The BMA have said they are “considering” all options, which may include further strikes, in the period before August when they have to be signed.

Shadow Health Secretary Heidi Alexander laid into Hunt as he didn’t turn up to the Commons earlier in the week. She said: “So much for a seven-day health service, a five-day-a-week Health Secretary would be nice.”

BMA chief Dr Mark Porter said: “What we have heard could amount to the biggest gamble with patient safety this House has ever seen. Imposing a contract is a sign of failure. It’s about time the Secretary of State realised that.

“The Health Secretary need to stop behaving like a recruiting agent for Australian hospitals and start acting like the Secretary of State for our NHS.”

An online survey found that 90 per cent of doctors said they would consider quitting if the contract was eventually forced through.

Labour MP David Anderson said: “He’s accused the negotiators of lying. He’s effectively said the members were fooled by their own negotiators. It’s a recipe for disaster.”

Hunt announced a new series of compromises that he said would lift basic pay from an 11% rise to a 13.5% rise. He claimed a compromise on Saturday pay – a 30% pay premium for junior doctors working more than one in four Saturdays. But “plain time” without any out-of-hours bonus pay will still apply to 7am to 5pm on Saturdays.

Hunt said: “I said the government was willing to be flexible on Saturday premium pay and we have been, Three quarters of doctors will see a take-home pay rise and no trainee working in contracted hours will have their pay cut.

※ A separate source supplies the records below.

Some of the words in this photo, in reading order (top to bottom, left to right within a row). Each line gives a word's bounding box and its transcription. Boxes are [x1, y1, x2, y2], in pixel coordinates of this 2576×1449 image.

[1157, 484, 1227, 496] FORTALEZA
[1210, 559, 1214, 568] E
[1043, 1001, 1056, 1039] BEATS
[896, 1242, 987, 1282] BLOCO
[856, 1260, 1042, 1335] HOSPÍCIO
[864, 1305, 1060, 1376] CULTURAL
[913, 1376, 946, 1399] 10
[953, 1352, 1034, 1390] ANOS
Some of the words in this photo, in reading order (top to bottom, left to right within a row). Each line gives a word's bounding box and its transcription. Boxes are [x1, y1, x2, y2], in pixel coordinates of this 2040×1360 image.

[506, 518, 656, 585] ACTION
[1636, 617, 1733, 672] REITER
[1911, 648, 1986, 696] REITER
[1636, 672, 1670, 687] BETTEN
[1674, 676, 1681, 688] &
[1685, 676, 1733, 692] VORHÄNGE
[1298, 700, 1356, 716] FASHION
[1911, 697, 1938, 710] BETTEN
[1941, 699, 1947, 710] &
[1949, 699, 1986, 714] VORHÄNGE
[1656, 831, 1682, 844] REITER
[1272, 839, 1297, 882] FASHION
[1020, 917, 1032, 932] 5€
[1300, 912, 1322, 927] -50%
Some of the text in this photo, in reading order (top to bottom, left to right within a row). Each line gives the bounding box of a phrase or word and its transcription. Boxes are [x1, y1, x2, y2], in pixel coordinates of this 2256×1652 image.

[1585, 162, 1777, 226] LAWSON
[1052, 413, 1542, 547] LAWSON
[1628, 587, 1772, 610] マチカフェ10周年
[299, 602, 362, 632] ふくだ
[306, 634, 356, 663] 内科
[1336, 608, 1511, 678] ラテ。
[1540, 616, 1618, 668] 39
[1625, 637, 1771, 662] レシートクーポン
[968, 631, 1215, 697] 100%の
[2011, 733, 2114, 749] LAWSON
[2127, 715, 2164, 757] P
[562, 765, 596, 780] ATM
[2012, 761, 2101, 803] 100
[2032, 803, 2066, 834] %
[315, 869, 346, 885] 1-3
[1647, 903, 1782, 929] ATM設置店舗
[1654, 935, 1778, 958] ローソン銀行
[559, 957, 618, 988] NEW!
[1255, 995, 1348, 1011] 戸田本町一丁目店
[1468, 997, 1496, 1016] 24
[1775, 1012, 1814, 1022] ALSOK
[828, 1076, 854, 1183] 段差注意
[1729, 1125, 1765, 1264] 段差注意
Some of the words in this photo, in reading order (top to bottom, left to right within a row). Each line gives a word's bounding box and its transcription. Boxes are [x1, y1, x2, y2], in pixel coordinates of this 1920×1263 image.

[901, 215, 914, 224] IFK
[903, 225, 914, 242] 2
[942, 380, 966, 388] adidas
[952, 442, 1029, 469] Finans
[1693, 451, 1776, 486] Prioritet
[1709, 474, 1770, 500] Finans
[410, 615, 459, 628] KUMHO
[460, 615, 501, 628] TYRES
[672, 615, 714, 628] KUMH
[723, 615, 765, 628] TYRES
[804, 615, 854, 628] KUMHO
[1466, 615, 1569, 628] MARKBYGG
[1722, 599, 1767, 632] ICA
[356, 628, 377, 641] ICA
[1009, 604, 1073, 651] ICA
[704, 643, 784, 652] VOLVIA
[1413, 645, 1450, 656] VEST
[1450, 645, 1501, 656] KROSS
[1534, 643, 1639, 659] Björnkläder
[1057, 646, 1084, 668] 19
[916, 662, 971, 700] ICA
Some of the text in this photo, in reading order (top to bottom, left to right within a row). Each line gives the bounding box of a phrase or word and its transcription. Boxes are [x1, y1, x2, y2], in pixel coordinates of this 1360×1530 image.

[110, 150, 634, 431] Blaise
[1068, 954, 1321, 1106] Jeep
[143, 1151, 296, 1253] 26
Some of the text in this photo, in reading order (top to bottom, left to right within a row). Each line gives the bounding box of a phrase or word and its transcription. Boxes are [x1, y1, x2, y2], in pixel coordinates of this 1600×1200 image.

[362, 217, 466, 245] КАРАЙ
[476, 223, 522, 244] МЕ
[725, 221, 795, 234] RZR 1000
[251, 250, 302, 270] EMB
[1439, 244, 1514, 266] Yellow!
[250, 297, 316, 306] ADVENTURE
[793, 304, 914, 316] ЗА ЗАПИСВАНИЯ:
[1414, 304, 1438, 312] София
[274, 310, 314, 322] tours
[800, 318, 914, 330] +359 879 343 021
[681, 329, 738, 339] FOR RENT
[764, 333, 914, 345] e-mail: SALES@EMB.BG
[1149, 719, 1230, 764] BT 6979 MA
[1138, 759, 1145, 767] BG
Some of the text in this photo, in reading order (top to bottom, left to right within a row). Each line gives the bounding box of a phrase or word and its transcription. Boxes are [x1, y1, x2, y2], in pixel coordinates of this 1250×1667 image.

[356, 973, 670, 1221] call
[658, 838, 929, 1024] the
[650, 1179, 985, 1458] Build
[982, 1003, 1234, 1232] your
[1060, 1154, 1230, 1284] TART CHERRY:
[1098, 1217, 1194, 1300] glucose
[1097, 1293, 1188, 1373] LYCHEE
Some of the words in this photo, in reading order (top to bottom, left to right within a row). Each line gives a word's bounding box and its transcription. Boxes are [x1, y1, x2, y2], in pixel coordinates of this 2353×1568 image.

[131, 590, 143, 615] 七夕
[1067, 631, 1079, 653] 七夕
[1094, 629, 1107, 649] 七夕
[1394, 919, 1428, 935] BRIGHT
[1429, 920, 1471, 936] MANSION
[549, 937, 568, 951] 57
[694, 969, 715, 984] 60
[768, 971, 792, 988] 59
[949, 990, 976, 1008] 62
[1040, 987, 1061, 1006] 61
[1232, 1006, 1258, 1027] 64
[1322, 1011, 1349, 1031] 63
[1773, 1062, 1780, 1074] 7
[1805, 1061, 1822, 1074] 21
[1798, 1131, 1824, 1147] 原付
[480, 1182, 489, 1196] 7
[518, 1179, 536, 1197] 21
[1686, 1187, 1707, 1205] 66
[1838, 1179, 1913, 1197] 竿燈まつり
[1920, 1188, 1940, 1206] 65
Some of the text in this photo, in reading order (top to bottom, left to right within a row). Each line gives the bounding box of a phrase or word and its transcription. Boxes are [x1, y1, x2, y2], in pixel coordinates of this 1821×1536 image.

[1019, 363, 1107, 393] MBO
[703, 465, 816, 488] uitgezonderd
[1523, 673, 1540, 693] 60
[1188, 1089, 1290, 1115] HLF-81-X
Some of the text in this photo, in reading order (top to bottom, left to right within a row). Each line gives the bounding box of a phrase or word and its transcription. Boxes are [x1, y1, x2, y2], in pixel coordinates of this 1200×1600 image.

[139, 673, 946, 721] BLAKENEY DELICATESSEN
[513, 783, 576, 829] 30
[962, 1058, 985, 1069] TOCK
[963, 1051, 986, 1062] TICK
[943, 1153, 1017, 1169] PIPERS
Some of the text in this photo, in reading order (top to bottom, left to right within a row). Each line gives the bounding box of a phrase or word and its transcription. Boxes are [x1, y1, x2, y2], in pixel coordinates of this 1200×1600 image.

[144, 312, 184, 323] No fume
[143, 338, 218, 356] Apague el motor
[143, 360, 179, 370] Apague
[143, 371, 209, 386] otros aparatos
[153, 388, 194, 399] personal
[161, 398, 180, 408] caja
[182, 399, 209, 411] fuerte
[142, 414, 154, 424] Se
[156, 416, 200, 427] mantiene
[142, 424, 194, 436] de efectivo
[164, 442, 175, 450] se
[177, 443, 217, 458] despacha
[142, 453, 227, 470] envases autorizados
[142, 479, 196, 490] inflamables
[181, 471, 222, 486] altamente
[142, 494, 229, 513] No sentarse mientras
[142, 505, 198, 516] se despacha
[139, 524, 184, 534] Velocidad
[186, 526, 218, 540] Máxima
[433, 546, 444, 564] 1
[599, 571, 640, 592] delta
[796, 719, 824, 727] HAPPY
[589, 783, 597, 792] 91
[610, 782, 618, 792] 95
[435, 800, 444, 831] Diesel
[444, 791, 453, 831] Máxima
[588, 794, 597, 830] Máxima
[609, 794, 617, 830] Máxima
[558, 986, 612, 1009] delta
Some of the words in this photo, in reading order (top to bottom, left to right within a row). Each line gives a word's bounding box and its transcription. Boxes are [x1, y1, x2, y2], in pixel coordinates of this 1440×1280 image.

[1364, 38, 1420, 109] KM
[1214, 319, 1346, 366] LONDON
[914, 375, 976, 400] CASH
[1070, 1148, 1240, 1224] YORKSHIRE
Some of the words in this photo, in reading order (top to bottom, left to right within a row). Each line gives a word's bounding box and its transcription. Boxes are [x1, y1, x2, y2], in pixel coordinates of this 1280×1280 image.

“Our door remained open for three years and we demonstrated time and again our willingness to negotiate with the BMA. The BMA junior doctors committee refused point blank to discuss reforms, instead balloting for industrial action.”

But Dr Johann Malawana, BMA junior doctor committee chair, said: “The Government’s shambolic handling of this process from start to finish has totally alienated a generation of junior doctors, the hospital doctors and GPs of the future.

“There is a real risk that some will vote with their feet. Our message to the Government is clear: junior doctors cannot and will not accept a contract that is bad for the future of patient care, the profession and the NHS as a whole, and we will consider all options open to us.”